Early stage industrial economies rely on manufacturing for the majority of their value of goods and services produced (GDP). As economies mature with rising living standards, there is a shift to consumption and services providing the vast majority of GDP and employment. One hundred years ago, less than 40% of US labor was tethered to the Service sector. Today over 80% of our labor force is used in services and 70% of our economic production (GDP) is derived from consumption. It may surprise some readers that the US is hanging on to the number one ranking for largest manufacturing economy in the world, yet the critical component of our economic future relies on keeping our overweight consumers happy. Each economic expansion exhibits a similar pattern where prosperity grows until consumer sentiment reaches a relatively elevated plateau of optimism. When that positive sentiment falls beneath the exalted zone of positivity, the economy and stock market are already in or about to enter a Bear market of pain and pessimism. Based upon many reliable surveys we would grade the current state of the US consumer as very optimistic. A dip in these measures below the lower 90’s and upper 80’s in the indices below would be a strong sign of panic by the consumer and would coincide with significant investor selling of stocks. The Trade War and incessant media barrage of negativity this year have turned future expectations lower, yet the consumer is still holding strong with full employment and a record demand for unfilled jobs.
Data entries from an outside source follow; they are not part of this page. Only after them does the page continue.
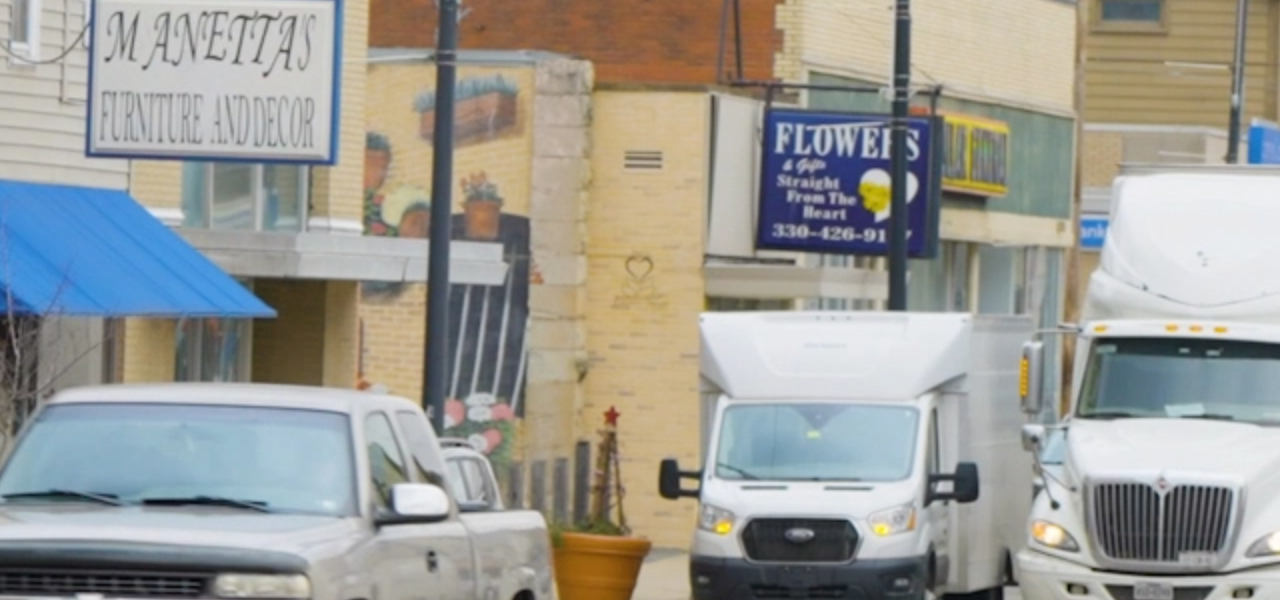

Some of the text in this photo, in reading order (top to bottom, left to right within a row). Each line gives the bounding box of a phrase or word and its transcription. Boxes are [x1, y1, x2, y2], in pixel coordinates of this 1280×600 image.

[104, 10, 316, 78] MANETTA'S
[99, 90, 315, 148] FURNITURE AND DECOR
[782, 160, 793, 171] &
[776, 174, 840, 191] Straight
[786, 190, 857, 206] From The
[803, 205, 847, 221] Heart
[773, 223, 913, 243] 330-426-91
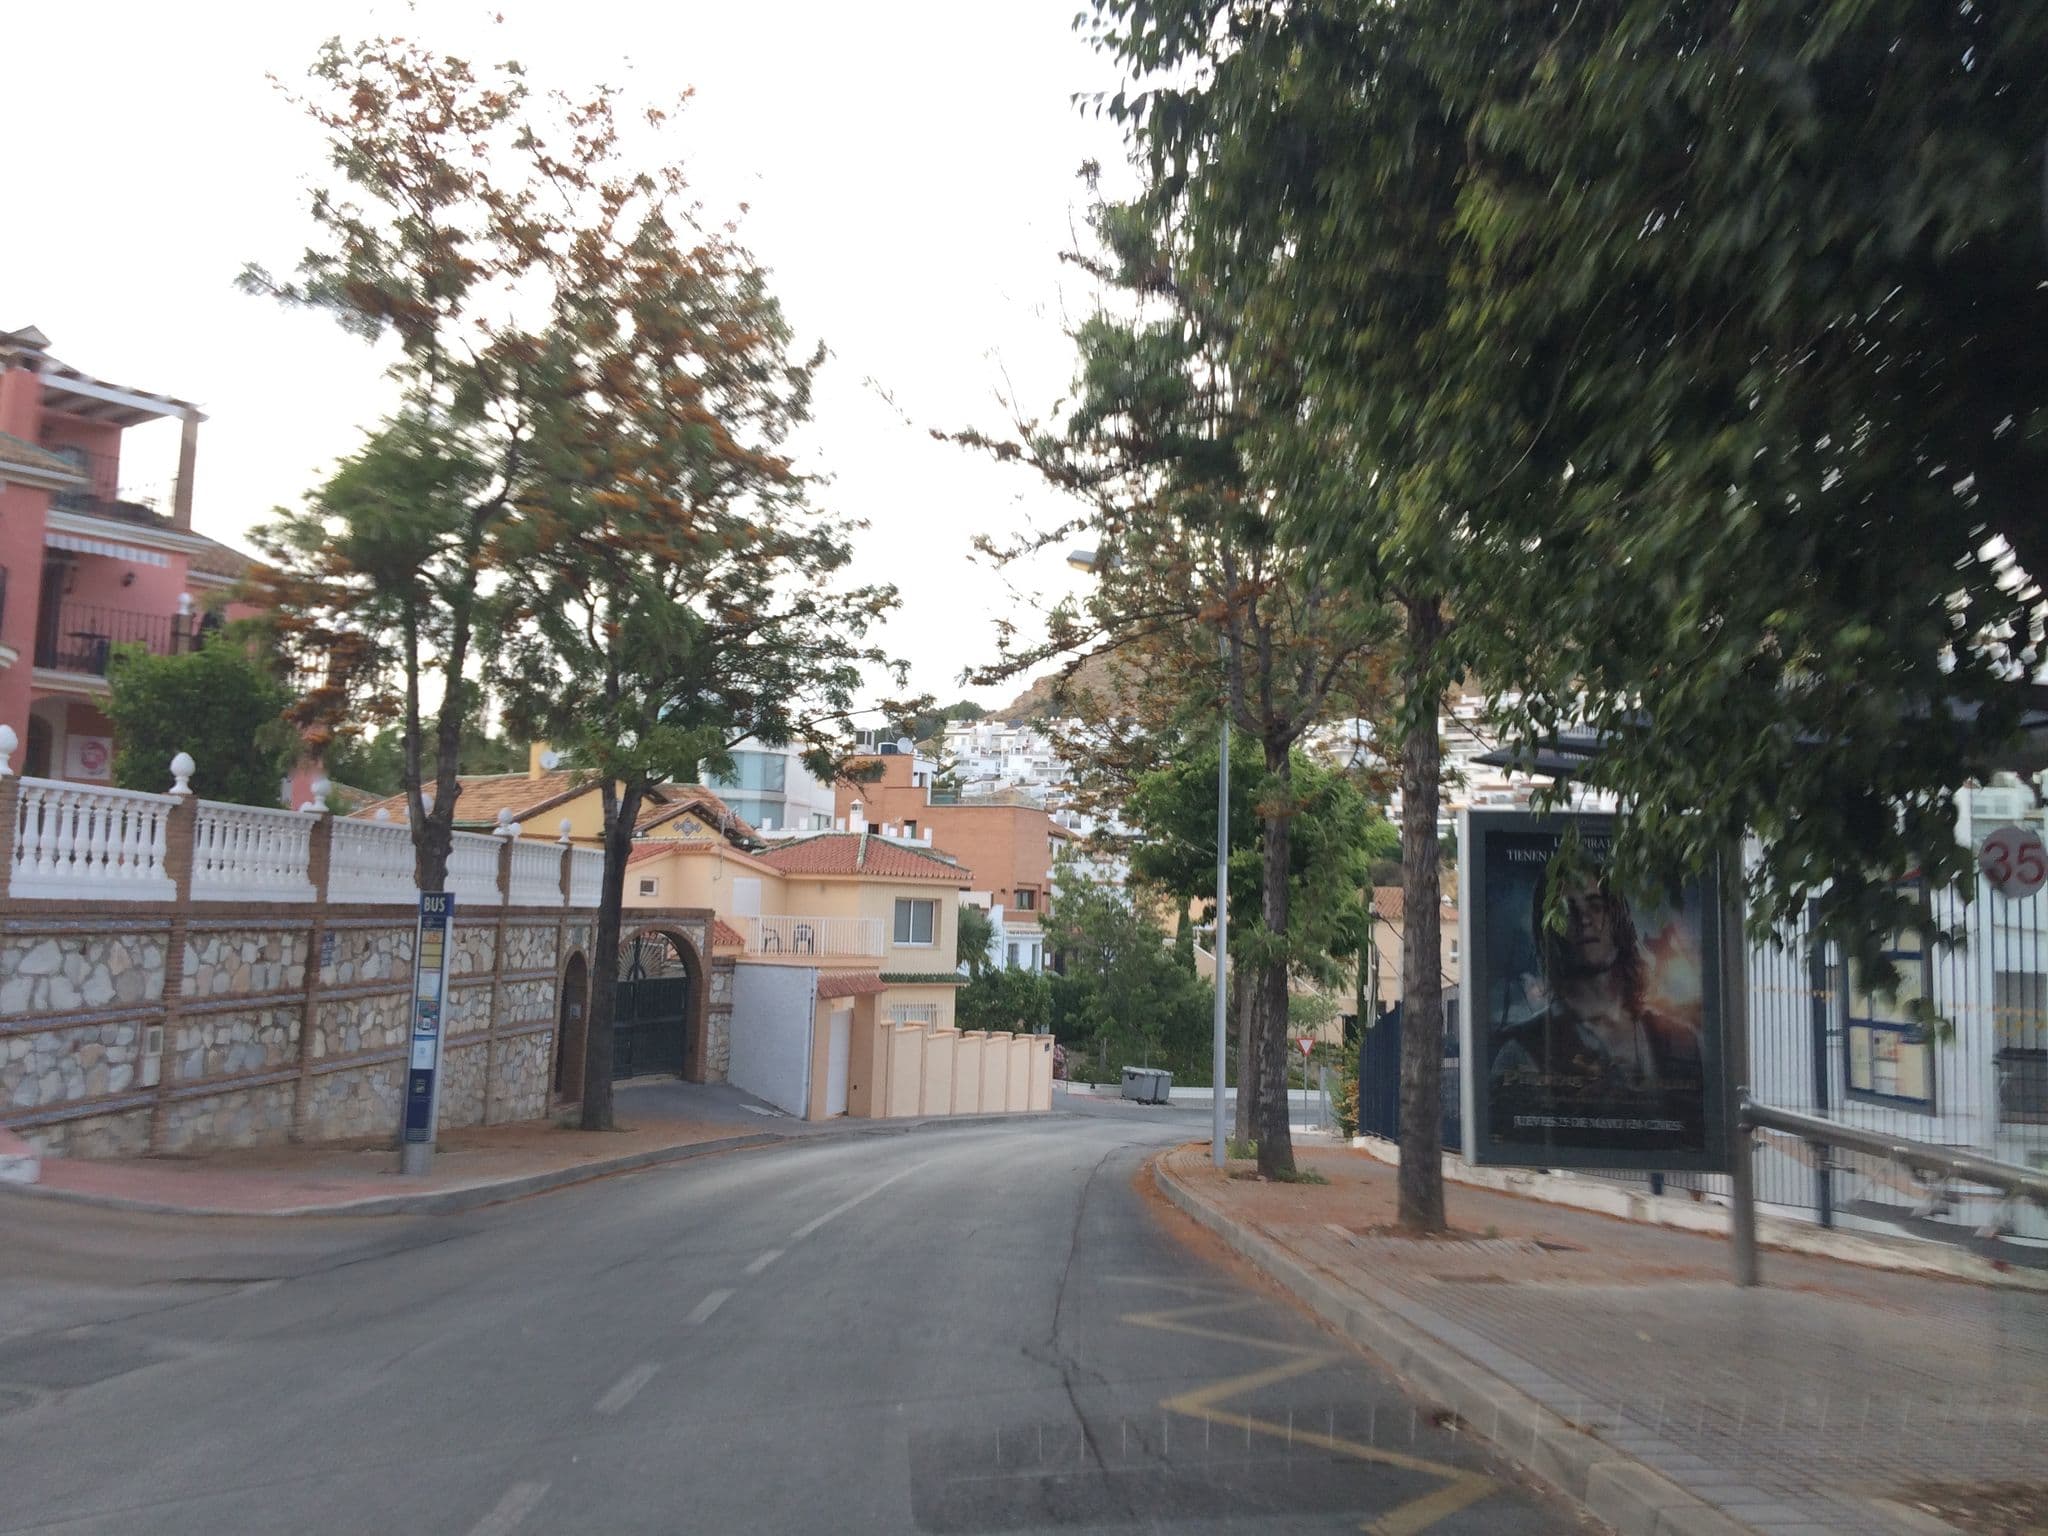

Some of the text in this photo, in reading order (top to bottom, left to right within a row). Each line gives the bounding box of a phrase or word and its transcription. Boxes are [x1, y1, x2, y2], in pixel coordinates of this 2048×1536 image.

[1506, 849, 1547, 862] TIENEN
[1984, 841, 2045, 885] 35
[424, 896, 446, 912] BUS
The downturn in manufacturing and Trade War fears have infected corporate financial officers (CFO’s) with the lowest level of optimism in almost 7 years. One expects CFO’s to be somewhat prescient about their own company’s outlook, yet historically when these executives are most pessimistic, it’s a great time to invest and expect a rebound in the economy. While sentiment may fall further next quarter, coinciding with a strong correction in stocks, investors should look for market declines as buying opportunities.
With economists, wealth managers and the media harping on almost wishful thinking for a recession in manufacturing spreading to the rest of the economy, we would counter with a few basic points. The smaller manufacturing sector only dipped into contraction territory for one month and appears to be expanding most recently. The Trade War weakened industrial sector is sluggish, but not yet as bad as the non-recession period in 2016. The economy has slowed to 2% or less lately, but the large non-manufacturing portion of GDP is expanding rapidly. While there is no certainty that consumer sentiment will be a leading indicator this cycle, it’s a stretch to fear the fall in our consumer led economy while sentiment remains on the elevated plateau of optimism. A return to Trump’s 3% GDP growth rates are not on the horizon until Trade with China is resolved, but the current state of labor conditions and consumption rates continue to keep our economy well above the waterline. Without a recession, greater than 10% stock market corrections over a 2 to 3 month period will be investing opportunities.